Владко всё там же, уныло отгоняет мух хвостом. Братья взяли его под руки, отняли кость и увели. Хильдико вертится рядом, заметила — вжалась в столб под навесом. Аскольд только отмахнулся.
Девушка обхватила опору. Что она может сделать? Брат сам не свой, Владко слезами умылся, девицам досталось от тех, от других и от третьих.
Её подёргали за ленту в волосах. Ольгерд и Баюс.
— Хильдико! Точильный камень куда дела?
— Да почему я-то? Я с вами вообще не живу!

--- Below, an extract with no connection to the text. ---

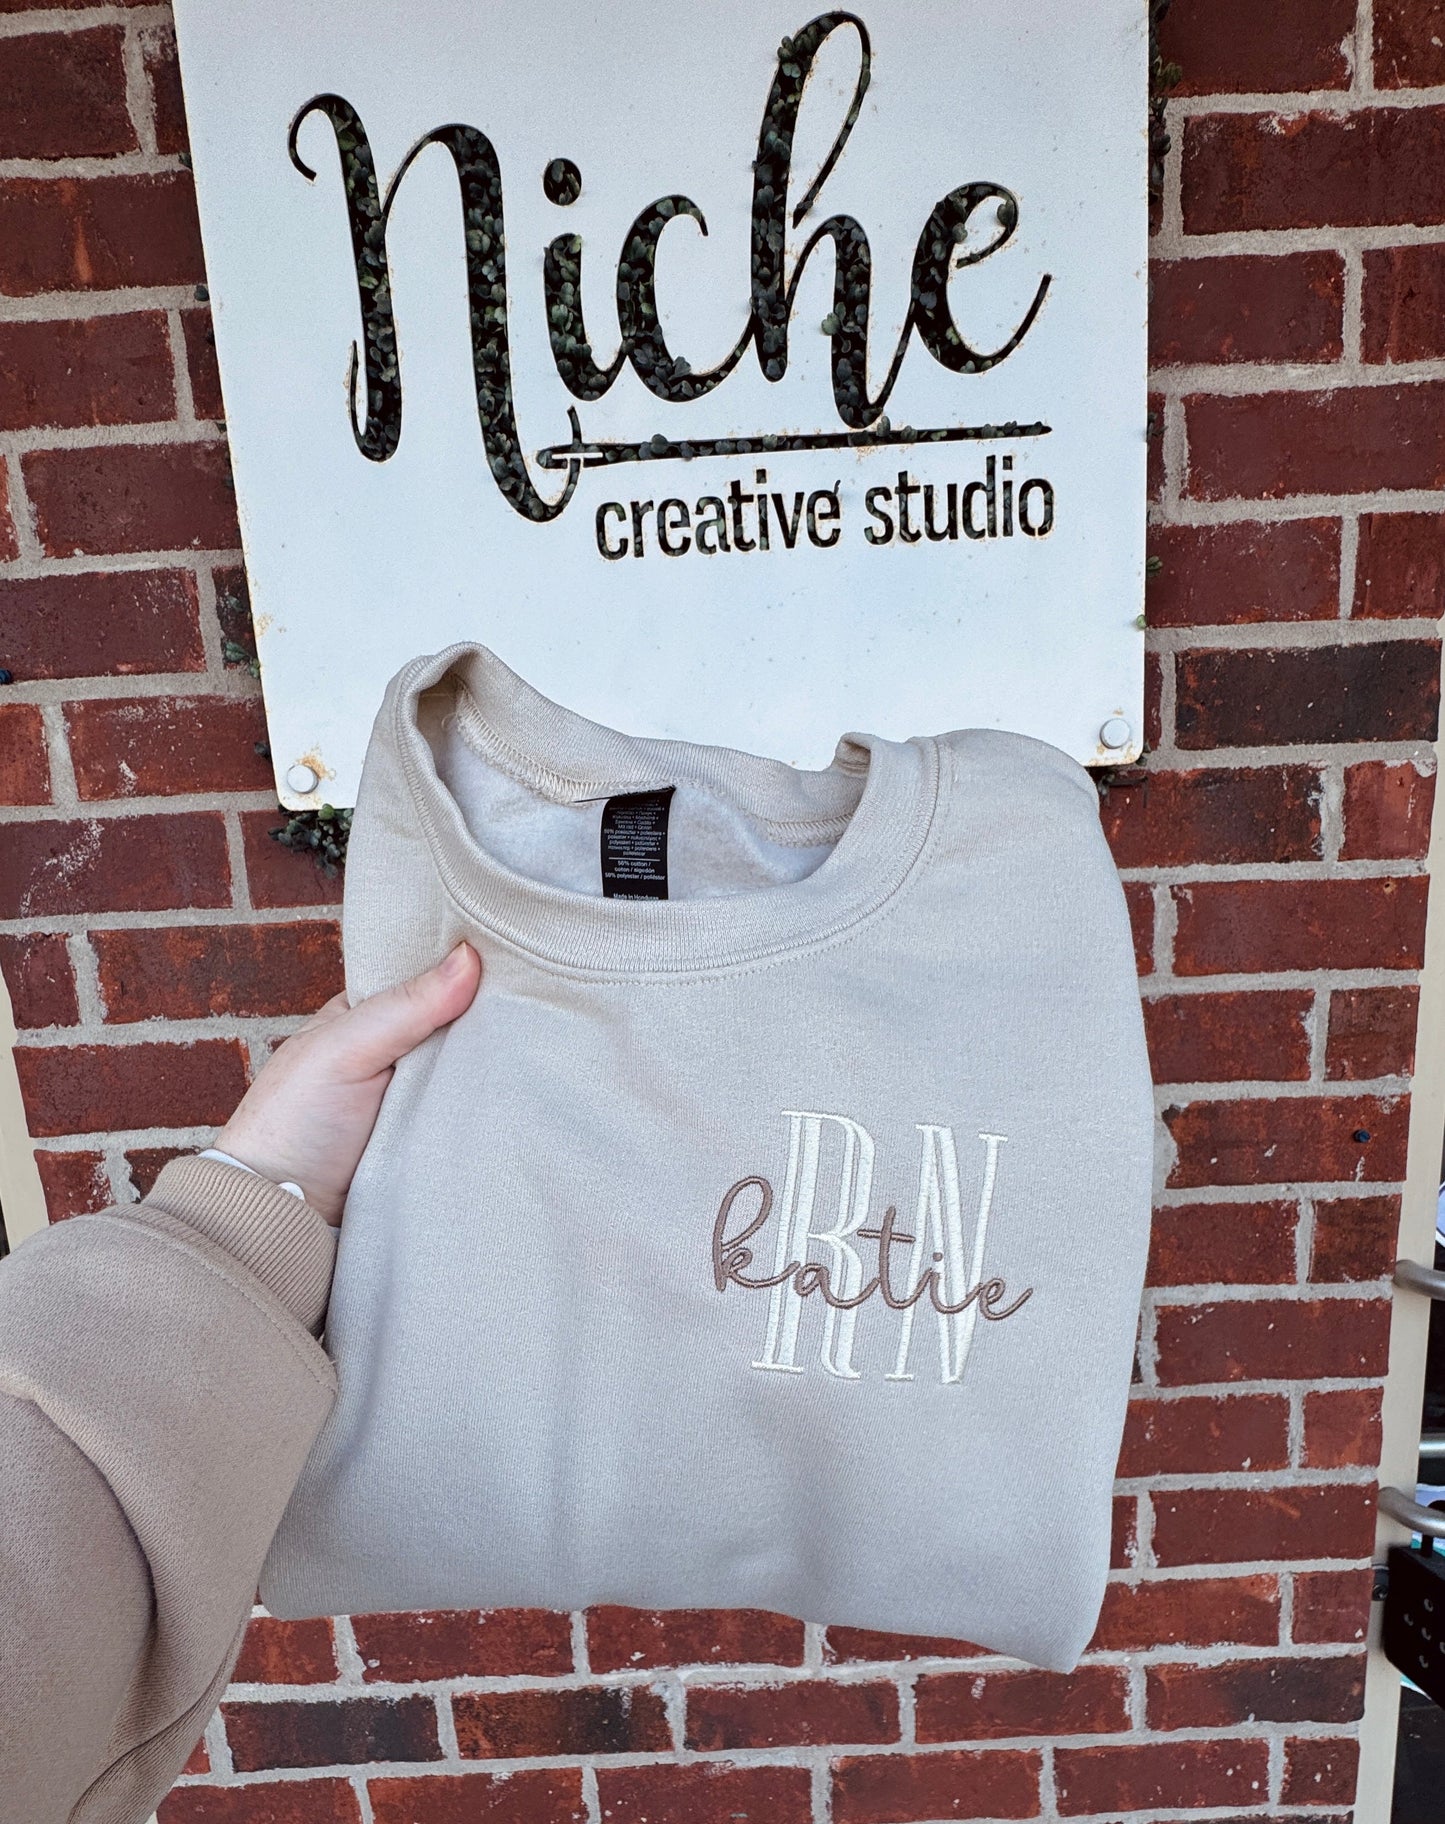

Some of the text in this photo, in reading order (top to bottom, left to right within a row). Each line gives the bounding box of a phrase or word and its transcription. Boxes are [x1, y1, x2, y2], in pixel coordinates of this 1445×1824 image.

[595, 456, 1055, 560] creative studio
[712, 1175, 1034, 1321] katie
[751, 1109, 1009, 1385] RN

— Ну у тебя девки ножи чем-то точат?
— У нас своё.
— Так одолжи.
Постучала по оконнице.
— Рогнеда!
— Ой! Напугала.
— Точило подай.
— Зачем?
— Вон, попросили.
Рогнеда увидела двоих воинов и гордо вскинулась:
— Ничего своего нет. Стол — подай, точило — подай.
Скрылась из вида, пошарила где-то, вновь показалась и протянула брусок:
— Нате. Хильдико, слушай, ты мне нужна. Помнишь, три дня назад, ты тогда в воду смотрела — как это делать?
— Вот они знают.
Побратимы переглянулись.
— Тебе зачем? — спросил балт. — На Драгомира?
— На кого же?
— А с кем нам воевать тогда? Ты вот что, подскажи, где глины накопать или воска взять.
— Воск есть. Годна собрала. Все борти[57] за мёдом облазала, а у меня тесто взошло — и куда всё теперь?
53
Целошница — рубашка к свадебному наряду невесты.
54
Оселок — точильный камень, брусок.
55
Свитьод — Швеция.
56
Нид — хулительная песнь, проклятие. Лошадиный череп и другие кости тоже означали проклятие.
57
Борть — дуплистое дерево или выдолбленная колода для пчёл.